## What you have to do
Lines before the one containing "this 1115×1500 image." are left out; that line and all after it, through the end of the records, must be transcribed exactly.

[Text-to-region grounding data]
*** Begin section ***
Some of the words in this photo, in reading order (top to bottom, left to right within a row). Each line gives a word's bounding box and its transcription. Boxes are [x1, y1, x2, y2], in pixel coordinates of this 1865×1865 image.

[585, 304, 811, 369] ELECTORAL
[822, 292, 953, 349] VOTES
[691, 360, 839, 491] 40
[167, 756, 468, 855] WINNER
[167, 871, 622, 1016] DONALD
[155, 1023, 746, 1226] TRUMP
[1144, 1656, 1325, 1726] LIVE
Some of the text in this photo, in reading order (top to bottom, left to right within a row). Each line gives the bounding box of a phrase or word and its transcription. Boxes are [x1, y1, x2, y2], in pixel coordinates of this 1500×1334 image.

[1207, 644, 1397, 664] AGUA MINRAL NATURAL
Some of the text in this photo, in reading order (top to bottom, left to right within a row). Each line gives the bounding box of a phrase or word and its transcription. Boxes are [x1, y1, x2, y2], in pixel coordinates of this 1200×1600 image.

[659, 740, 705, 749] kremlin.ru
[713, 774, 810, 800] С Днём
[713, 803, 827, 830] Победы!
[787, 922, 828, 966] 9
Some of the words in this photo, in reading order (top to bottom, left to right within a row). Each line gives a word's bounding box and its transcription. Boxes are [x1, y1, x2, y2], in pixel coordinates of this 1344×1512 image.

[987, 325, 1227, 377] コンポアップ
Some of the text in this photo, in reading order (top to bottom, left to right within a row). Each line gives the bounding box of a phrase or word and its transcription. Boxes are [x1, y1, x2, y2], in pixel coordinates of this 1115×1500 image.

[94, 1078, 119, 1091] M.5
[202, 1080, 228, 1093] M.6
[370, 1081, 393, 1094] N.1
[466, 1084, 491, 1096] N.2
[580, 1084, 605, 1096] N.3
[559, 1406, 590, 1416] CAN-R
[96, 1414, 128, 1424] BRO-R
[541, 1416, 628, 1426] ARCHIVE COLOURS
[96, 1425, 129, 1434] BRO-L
*** End section ***
## Task result
Some of the text in this photo, in reading order (top to bottom, left to right within a row). Each line gives the bounding box of a phrase or word and its transcription. Boxes are [x1, y1, x2, y2], in pixel coordinates of this 1115×1500 image.

[94, 1078, 119, 1091] M.5
[202, 1080, 228, 1093] M.6
[370, 1081, 393, 1094] N.1
[466, 1084, 491, 1096] N.2
[580, 1084, 605, 1096] N.3
[559, 1406, 590, 1416] CAN-R
[96, 1414, 128, 1424] BRO-R
[541, 1416, 628, 1426] ARCHIVE COLOURS
[96, 1425, 129, 1434] BRO-L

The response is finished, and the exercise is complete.